By Lisa Pauline Mattackal and Ankika Biswas
(Reuters) – The Nasdaq and the struck record highs on Monday, while the Dow scaled a more than one-month high as financiers waitedfor a secret inflation report, Congressional testament from Federal Reserve Chair Jerome Powell and the start of revenues season this week.
Expectations for interest-rate cuts as early as September got a increase after Friday’s nonfarm payrolls report revealed U.S. task development slowed in June, the mostcurrent information to point to weakpoint in labor market conditions.
Investors, nevertheless, will lookfor a clearer photo of the Fed’s mostlikely financial policy trajectory for the rest of the year.
Traders now see a 74% possibility of a 25-basis-point cut in September, up from last week’s 60%, while anticipating an general decrease of about 50 bps for the year, according to CME’s FedWatch and LSEG information.
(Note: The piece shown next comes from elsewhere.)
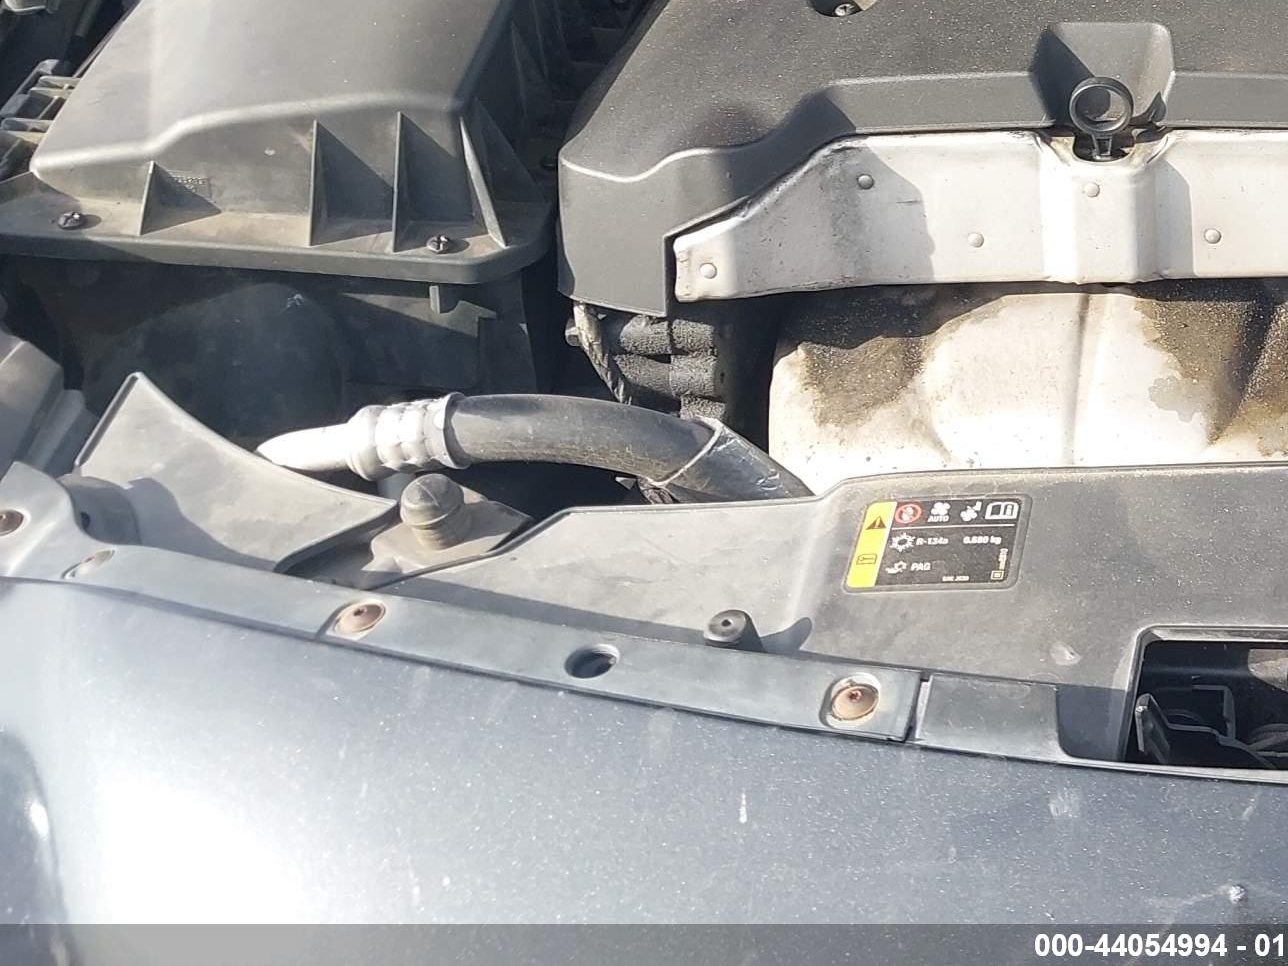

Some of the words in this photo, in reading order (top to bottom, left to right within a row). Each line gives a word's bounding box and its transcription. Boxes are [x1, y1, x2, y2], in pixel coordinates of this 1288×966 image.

On the financial front, this week’s customer and manufacturer cost index information will be carefully seen to gauge whether rate pressures are alleviating.
“The truth of the matter is the Fed has a double required and their required is work and inflation. Inflation is going down and joblessness is going up,” stated Thomas Hayes, chairman at Great Hill Capital LLC.
“They now have cover to make a cut when they desire to and indications point towards September.”
The S&P 500 and the Nasdaq closed at all-time highs as megacap tech stocks such as Meta Platforms (NASDAQ:) and Microsoft (NASDAQ:) touched record peaks.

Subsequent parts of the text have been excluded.